─── DATA LISTING ───

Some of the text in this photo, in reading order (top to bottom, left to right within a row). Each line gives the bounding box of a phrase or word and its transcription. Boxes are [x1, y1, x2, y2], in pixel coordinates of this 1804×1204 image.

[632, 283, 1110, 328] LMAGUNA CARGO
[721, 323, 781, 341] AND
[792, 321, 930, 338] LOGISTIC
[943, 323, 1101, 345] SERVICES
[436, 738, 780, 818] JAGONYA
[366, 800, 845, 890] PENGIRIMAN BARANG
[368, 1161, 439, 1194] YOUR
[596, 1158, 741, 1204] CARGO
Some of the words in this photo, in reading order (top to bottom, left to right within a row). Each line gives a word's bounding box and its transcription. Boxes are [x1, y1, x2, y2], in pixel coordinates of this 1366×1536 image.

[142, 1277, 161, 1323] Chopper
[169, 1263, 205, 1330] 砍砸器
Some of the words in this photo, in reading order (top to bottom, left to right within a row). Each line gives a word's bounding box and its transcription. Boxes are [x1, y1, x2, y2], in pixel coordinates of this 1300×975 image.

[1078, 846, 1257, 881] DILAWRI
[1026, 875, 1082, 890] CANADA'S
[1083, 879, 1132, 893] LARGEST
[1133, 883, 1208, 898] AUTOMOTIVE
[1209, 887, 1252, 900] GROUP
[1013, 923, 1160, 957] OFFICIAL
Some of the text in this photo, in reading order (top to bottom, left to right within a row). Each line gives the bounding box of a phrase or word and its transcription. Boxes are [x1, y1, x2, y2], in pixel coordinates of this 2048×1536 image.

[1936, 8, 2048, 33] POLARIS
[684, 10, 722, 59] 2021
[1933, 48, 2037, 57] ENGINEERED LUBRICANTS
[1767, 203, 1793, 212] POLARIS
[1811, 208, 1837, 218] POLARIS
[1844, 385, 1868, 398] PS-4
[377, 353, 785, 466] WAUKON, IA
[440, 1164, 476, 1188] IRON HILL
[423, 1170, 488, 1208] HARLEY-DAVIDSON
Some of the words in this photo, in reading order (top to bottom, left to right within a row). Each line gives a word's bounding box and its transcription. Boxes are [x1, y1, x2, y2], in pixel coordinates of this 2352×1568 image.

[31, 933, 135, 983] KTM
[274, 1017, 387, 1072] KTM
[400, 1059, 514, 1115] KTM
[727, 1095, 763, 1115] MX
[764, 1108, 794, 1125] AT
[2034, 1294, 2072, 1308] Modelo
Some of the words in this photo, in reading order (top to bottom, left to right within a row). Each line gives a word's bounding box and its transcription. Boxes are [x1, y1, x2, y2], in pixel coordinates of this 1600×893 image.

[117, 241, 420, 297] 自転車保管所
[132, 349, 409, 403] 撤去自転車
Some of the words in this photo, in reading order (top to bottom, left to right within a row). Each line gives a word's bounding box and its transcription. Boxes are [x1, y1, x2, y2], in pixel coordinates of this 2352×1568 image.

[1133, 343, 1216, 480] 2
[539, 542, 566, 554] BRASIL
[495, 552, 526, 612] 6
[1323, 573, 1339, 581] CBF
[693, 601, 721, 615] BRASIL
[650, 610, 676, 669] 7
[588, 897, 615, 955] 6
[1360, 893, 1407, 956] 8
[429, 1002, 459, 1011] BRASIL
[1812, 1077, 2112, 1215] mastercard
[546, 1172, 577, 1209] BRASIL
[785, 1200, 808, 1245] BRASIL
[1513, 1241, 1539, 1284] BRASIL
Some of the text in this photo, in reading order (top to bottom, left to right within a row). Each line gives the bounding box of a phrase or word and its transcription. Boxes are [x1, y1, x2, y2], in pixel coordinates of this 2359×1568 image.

───

* [GOAL OF THE EXERCISE]:
Every entry is to be printed exactly as given.

* [ANSWER FOR THIS EXERCISE]:
Some of the text in this photo, in reading order (top to bottom, left to right within a row). Each line gives the bounding box of a phrase or word and its transcription. Boxes are [x1, y1, x2, y2], in pixel coordinates of this 1804×1204 image.

[632, 283, 1110, 328] LMAGUNA CARGO
[721, 323, 781, 341] AND
[792, 321, 930, 338] LOGISTIC
[943, 323, 1101, 345] SERVICES
[436, 738, 780, 818] JAGONYA
[366, 800, 845, 890] PENGIRIMAN BARANG
[368, 1161, 439, 1194] YOUR
[596, 1158, 741, 1204] CARGO
Some of the words in this photo, in reading order (top to bottom, left to right within a row). Each line gives a word's bounding box and its transcription. Boxes are [x1, y1, x2, y2], in pixel coordinates of this 1366×1536 image.

[142, 1277, 161, 1323] Chopper
[169, 1263, 205, 1330] 砍砸器
Some of the words in this photo, in reading order (top to bottom, left to right within a row). Each line gives a word's bounding box and its transcription. Boxes are [x1, y1, x2, y2], in pixel coordinates of this 1300×975 image.

[1078, 846, 1257, 881] DILAWRI
[1026, 875, 1082, 890] CANADA'S
[1083, 879, 1132, 893] LARGEST
[1133, 883, 1208, 898] AUTOMOTIVE
[1209, 887, 1252, 900] GROUP
[1013, 923, 1160, 957] OFFICIAL
Some of the text in this photo, in reading order (top to bottom, left to right within a row). Each line gives the bounding box of a phrase or word and its transcription. Boxes are [x1, y1, x2, y2], in pixel coordinates of this 2048×1536 image.

[1936, 8, 2048, 33] POLARIS
[684, 10, 722, 59] 2021
[1933, 48, 2037, 57] ENGINEERED LUBRICANTS
[1767, 203, 1793, 212] POLARIS
[1811, 208, 1837, 218] POLARIS
[1844, 385, 1868, 398] PS-4
[377, 353, 785, 466] WAUKON, IA
[440, 1164, 476, 1188] IRON HILL
[423, 1170, 488, 1208] HARLEY-DAVIDSON
Some of the words in this photo, in reading order (top to bottom, left to right within a row). Each line gives a word's bounding box and its transcription. Boxes are [x1, y1, x2, y2], in pixel coordinates of this 2352×1568 image.

[31, 933, 135, 983] KTM
[274, 1017, 387, 1072] KTM
[400, 1059, 514, 1115] KTM
[727, 1095, 763, 1115] MX
[764, 1108, 794, 1125] AT
[2034, 1294, 2072, 1308] Modelo
Some of the words in this photo, in reading order (top to bottom, left to right within a row). Each line gives a word's bounding box and its transcription. Boxes are [x1, y1, x2, y2], in pixel coordinates of this 1600×893 image.

[117, 241, 420, 297] 自転車保管所
[132, 349, 409, 403] 撤去自転車
Some of the words in this photo, in reading order (top to bottom, left to right within a row). Each line gives a word's bounding box and its transcription. Boxes are [x1, y1, x2, y2], in pixel coordinates of this 2352×1568 image.

[1133, 343, 1216, 480] 2
[539, 542, 566, 554] BRASIL
[495, 552, 526, 612] 6
[1323, 573, 1339, 581] CBF
[693, 601, 721, 615] BRASIL
[650, 610, 676, 669] 7
[588, 897, 615, 955] 6
[1360, 893, 1407, 956] 8
[429, 1002, 459, 1011] BRASIL
[1812, 1077, 2112, 1215] mastercard
[546, 1172, 577, 1209] BRASIL
[785, 1200, 808, 1245] BRASIL
[1513, 1241, 1539, 1284] BRASIL
Some of the text in this photo, in reading order (top to bottom, left to right within a row). Each line gives the bounding box of a phrase or word and its transcription. Boxes are [x1, y1, x2, y2], in pixel coordinates of this 2359×1568 image.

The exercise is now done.